Things then turned much more serious, with Yang noting that “things for Asians in this country have been bleak for the past two weeks — and all the weeks before that since forever.”
Two years ago, for example, comedian Shane Gillis was fired from “Saturday Night Live” a week after his casting was announced because social media resurfaced anti-Asian comments he made, including using slurs to refer to Chinese people.
Yang did not address this, but he did say he has recently found posts with action items online and wanted to share some of those with the audience. They included checking in on AAPI friends to tell them they’re so hot, amplifying Asian voices “who want more Paneras in North Brooklyn” and calling senators to tell them about the lesbian characters in “Sailor Moon.”
While those were jokes, Yang admitted he didn’t know what to say to help “how insanely bad things are.”
“If someone’s personality is punching Asian grandmas, it’s not a dialogue.

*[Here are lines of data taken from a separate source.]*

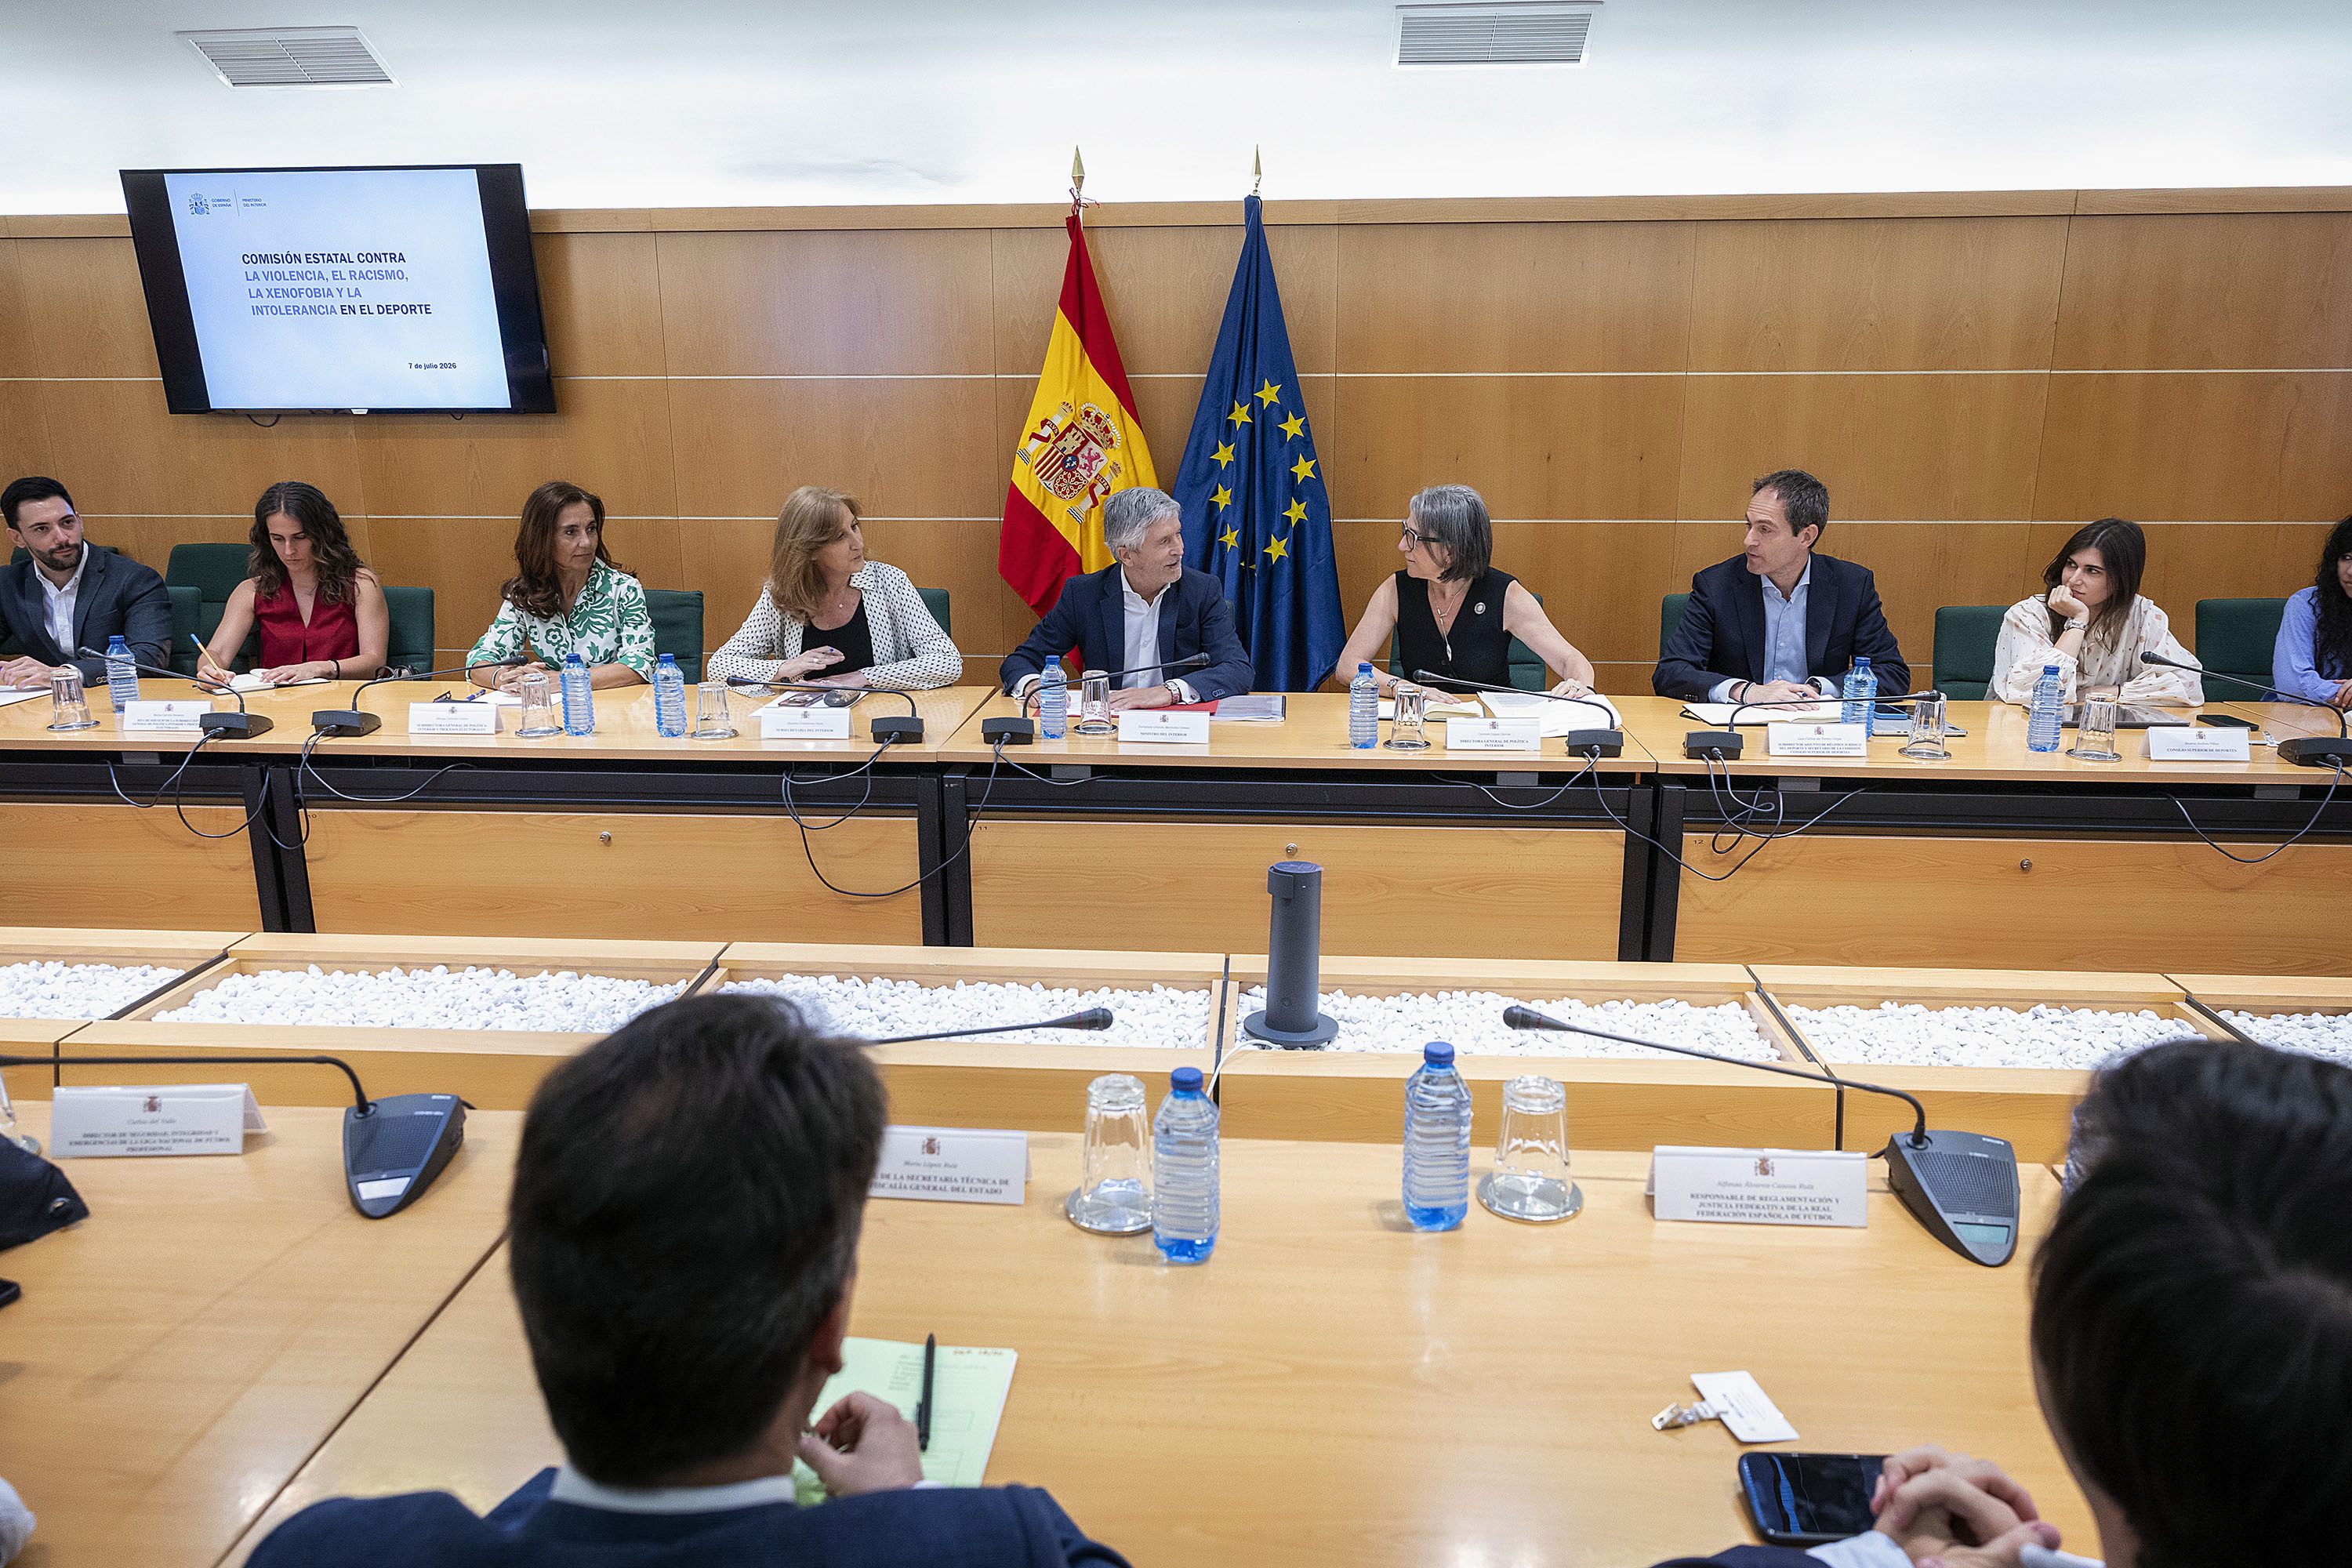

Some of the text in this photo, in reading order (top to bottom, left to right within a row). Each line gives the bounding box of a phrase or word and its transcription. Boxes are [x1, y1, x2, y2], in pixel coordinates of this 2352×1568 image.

[241, 251, 406, 265] COMISIÓN ESTATAL CONTRA
[245, 270, 408, 282] LA VIOLENCIA, EL RACISMO,
[249, 288, 362, 299] LA XENOFOBIA Y LA
[252, 304, 432, 316] INTOLERANCIA EN EL DEPORTE
[1047, 420, 1058, 434] PLVS
[1097, 474, 1109, 490] VLTRA

I have an Asian grandma, you want to punch her, there ain’t no common ground, mama,” he said. “I see my friends donating and that’s great, but then I also tell them: do more. You’re ordering from Chinese restaurants? Great. Do more. Let me know when you feed your white kids chicken feet. You cried during ‘Minari’? Congrats. I was sobbing into my boner for Steven Yeun. Do more.”

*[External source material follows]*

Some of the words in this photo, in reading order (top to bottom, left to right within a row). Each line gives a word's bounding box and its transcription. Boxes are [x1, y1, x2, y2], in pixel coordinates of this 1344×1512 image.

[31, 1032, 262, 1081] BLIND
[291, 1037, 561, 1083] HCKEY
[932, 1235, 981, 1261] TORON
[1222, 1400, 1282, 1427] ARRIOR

“And why are you telling me you tipped your manicurist well?” he continued. “Let me know when you get on your knees and scrub her feet while she looks at your phone. Do more.”
Yang added that he couldn’t address these things without also talking about class, gender and imperialism. “I don’t even want to be doing this ‘Update’ piece.”

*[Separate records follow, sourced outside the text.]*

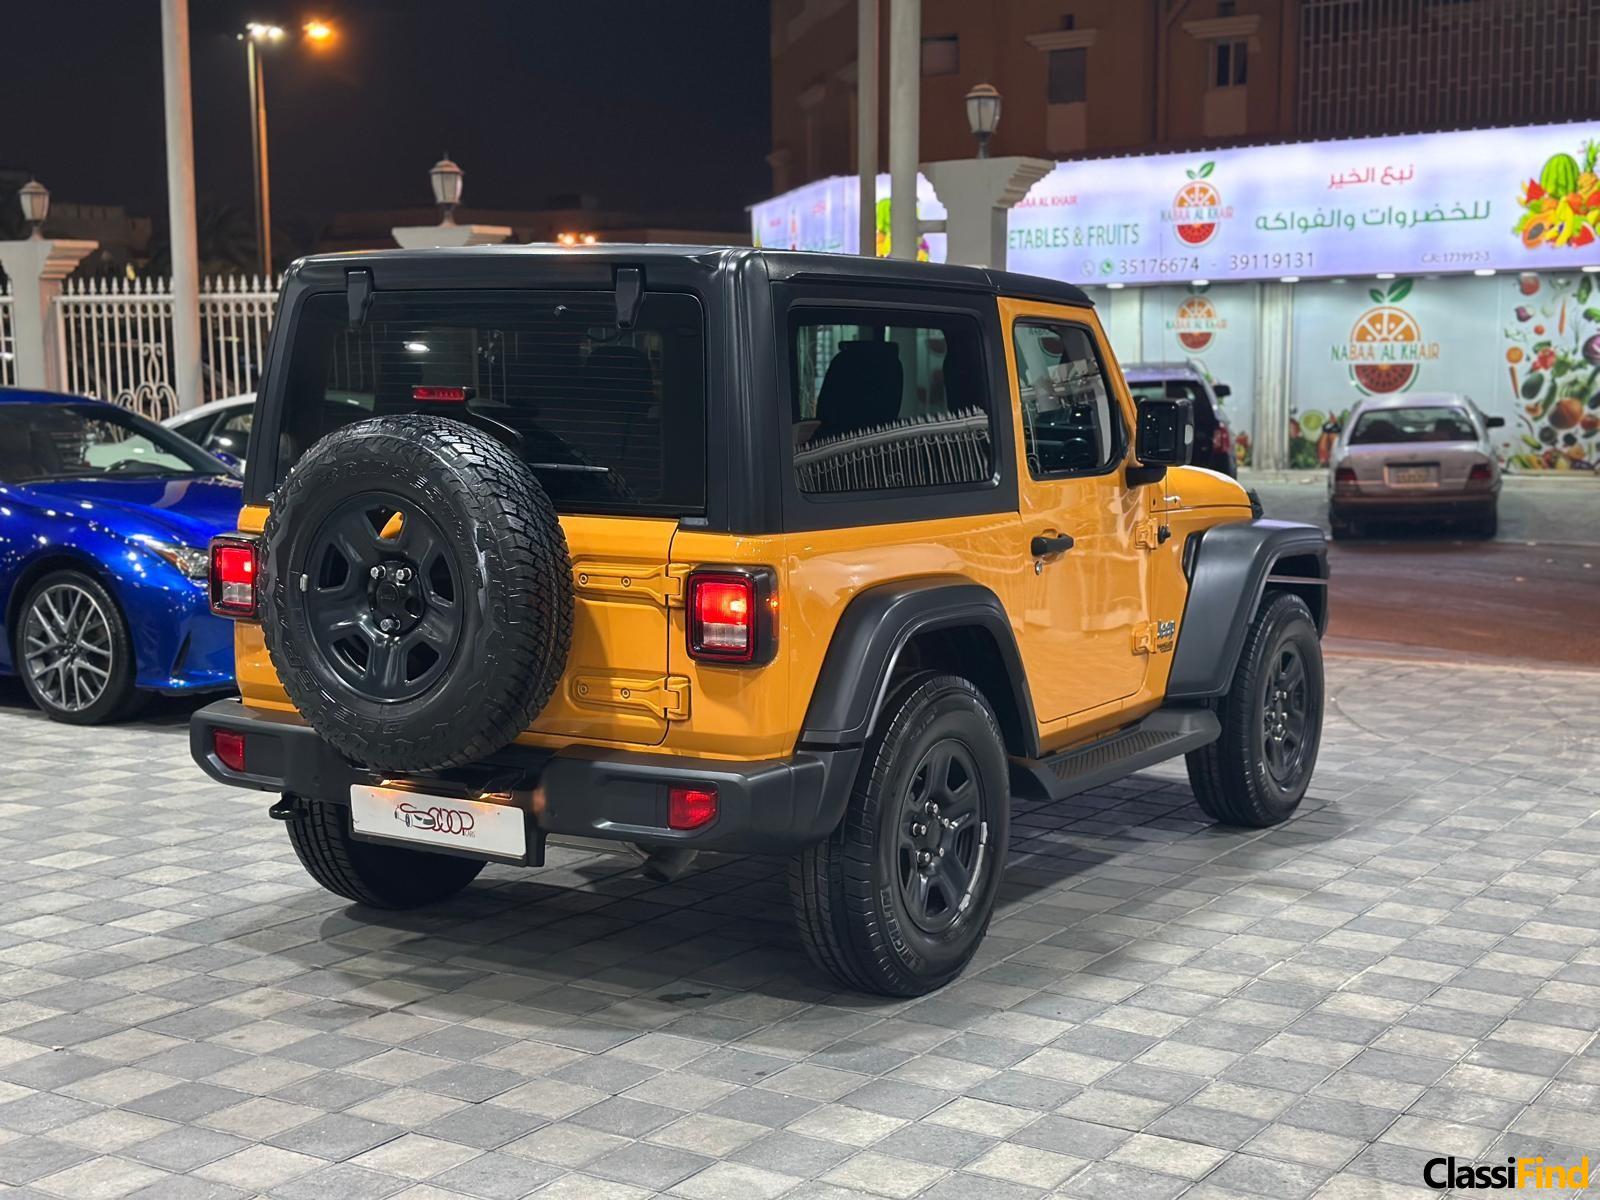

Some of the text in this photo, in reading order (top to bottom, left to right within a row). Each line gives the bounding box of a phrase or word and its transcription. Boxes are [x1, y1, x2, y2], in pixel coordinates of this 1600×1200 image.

[1327, 163, 1415, 191] نبع الخير
[1255, 200, 1491, 234] للخضروات والفواكه
[1008, 223, 1140, 249] ETABLES & FRUITS
[1119, 257, 1200, 275] 35176674
[1229, 252, 1314, 271] 39119131
[1331, 341, 1440, 361] NABAA AL KHAIR

“I’m just a comedian. I don’t have all the answers,” he went on. “But I’m not just looking for them online. I’m looking around me. The GoFundMe for Xiao Zhen Xie, the grandmother who fought back against her attacker raised $900,000, which she immediately gave back to the community. That’s where we are as Asians. Now come meet us there.”
“Saturday Night Live” airs live coast-to-coast Saturdays at 11:30 p.m. ET / 8:30 p.m. PT on NBC.